Excerpts from a dataset:
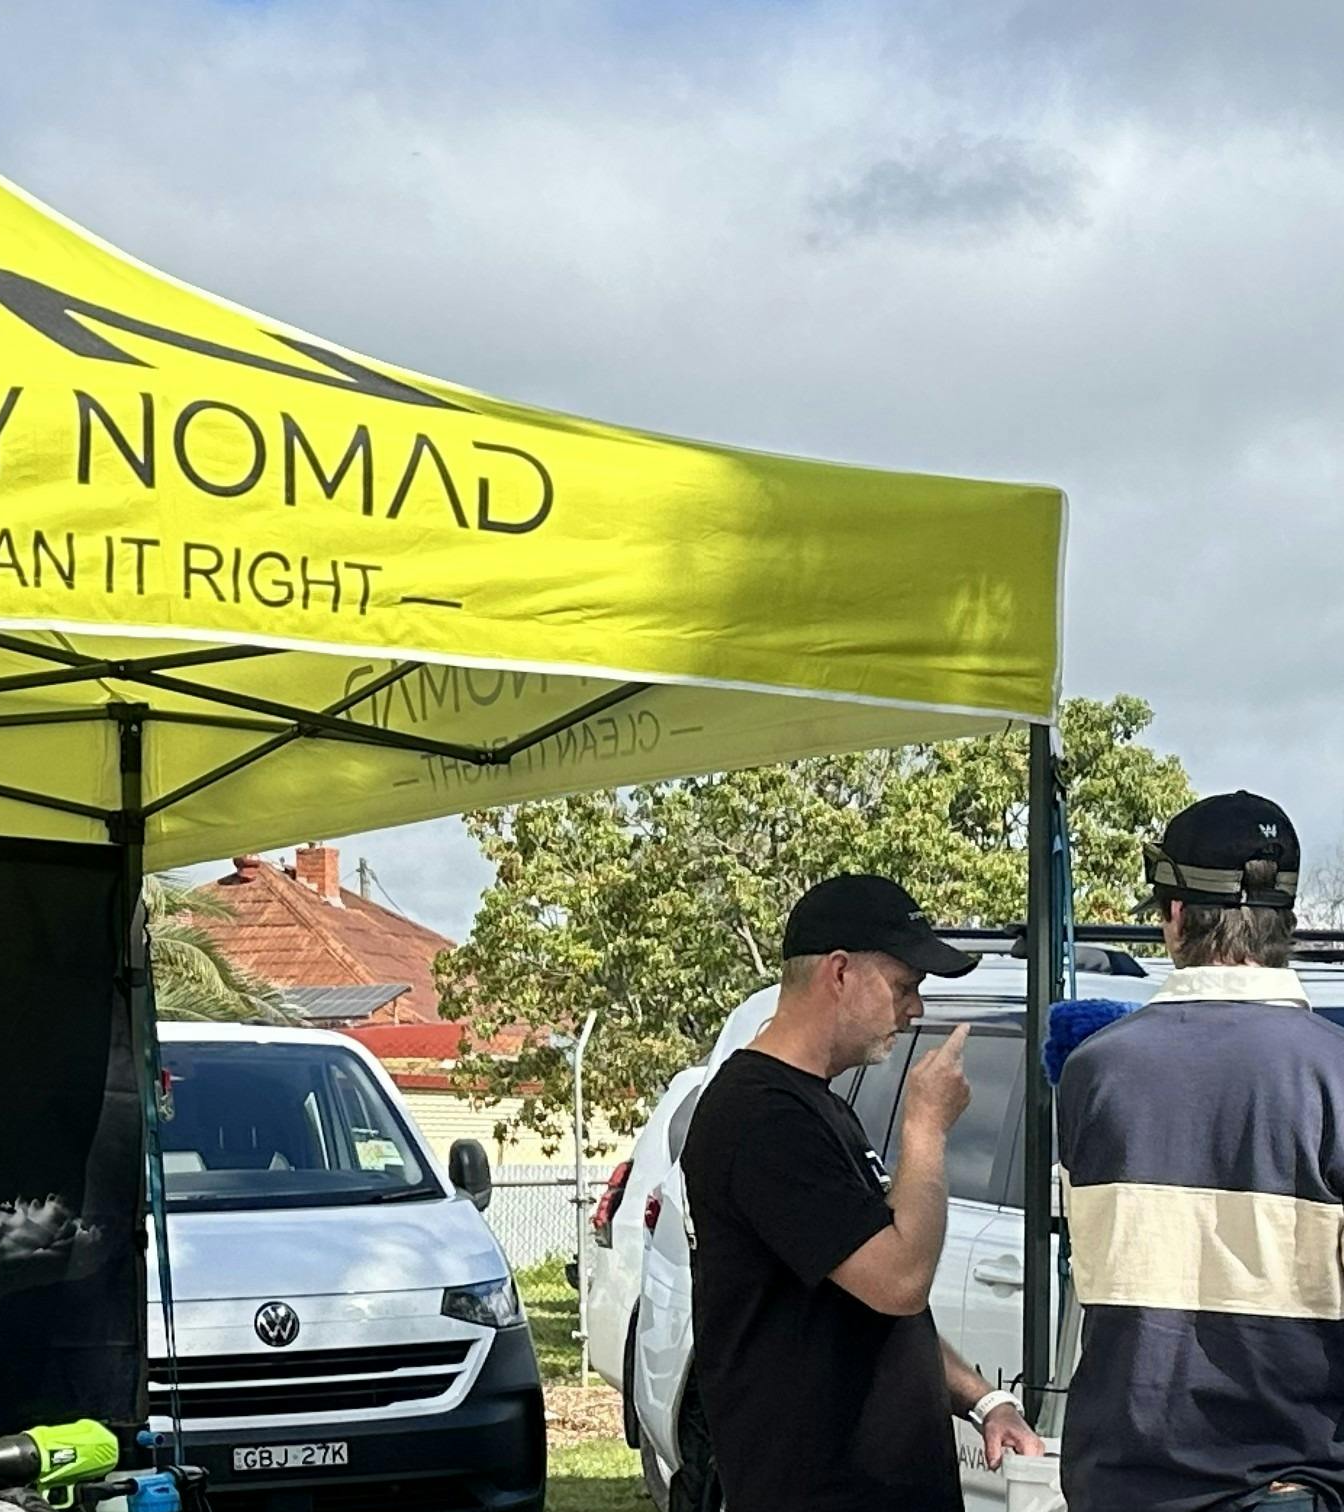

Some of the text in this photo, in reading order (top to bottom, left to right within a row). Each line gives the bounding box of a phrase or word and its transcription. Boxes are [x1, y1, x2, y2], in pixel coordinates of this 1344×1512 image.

[74, 388, 554, 534] NOMAD
[104, 538, 161, 596] IT
[182, 543, 383, 615] RIGHT
[244, 1448, 288, 1469] GBJ
[302, 1444, 345, 1465] 27K
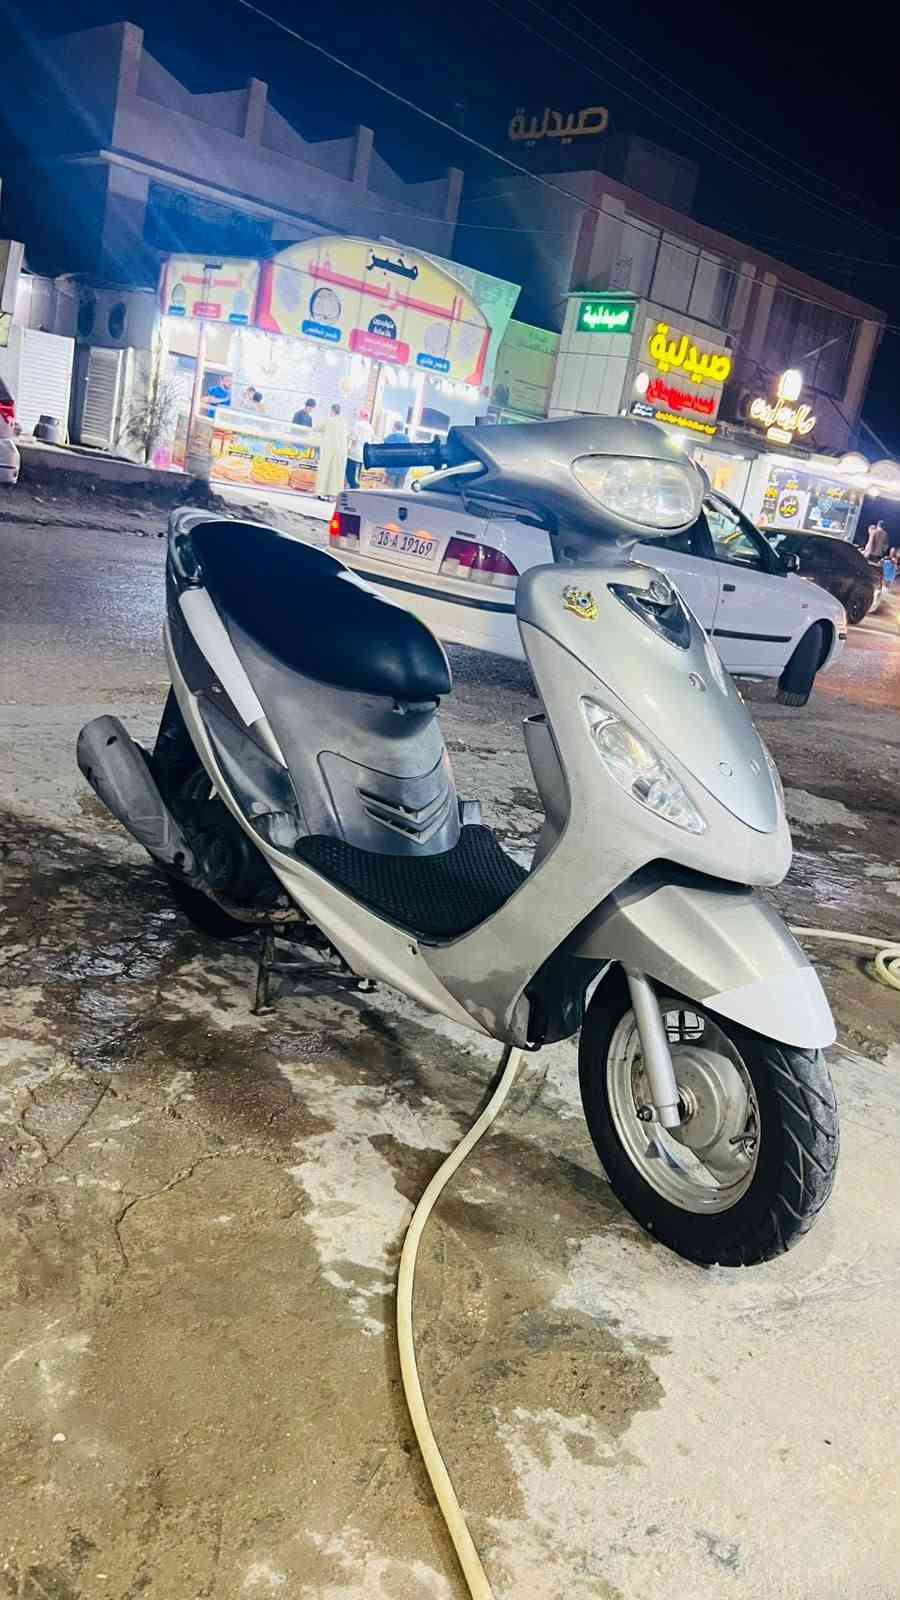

TASK REQUIREMENTS: Return, exactly as they stand, all of the lines above, but not the pictures.

SOLUTION BELOW:
Some of the text in this photo, in reading order (top to bottom, left to right within a row). Each line gives the bounding box of a phrase or word and its transcription. Boxes are [x1, y1, x2, y2], in pixel coordinates of this 1344×1512 image.

[74, 388, 554, 534] NOMAD
[104, 538, 161, 596] IT
[182, 543, 383, 615] RIGHT
[244, 1448, 288, 1469] GBJ
[302, 1444, 345, 1465] 27K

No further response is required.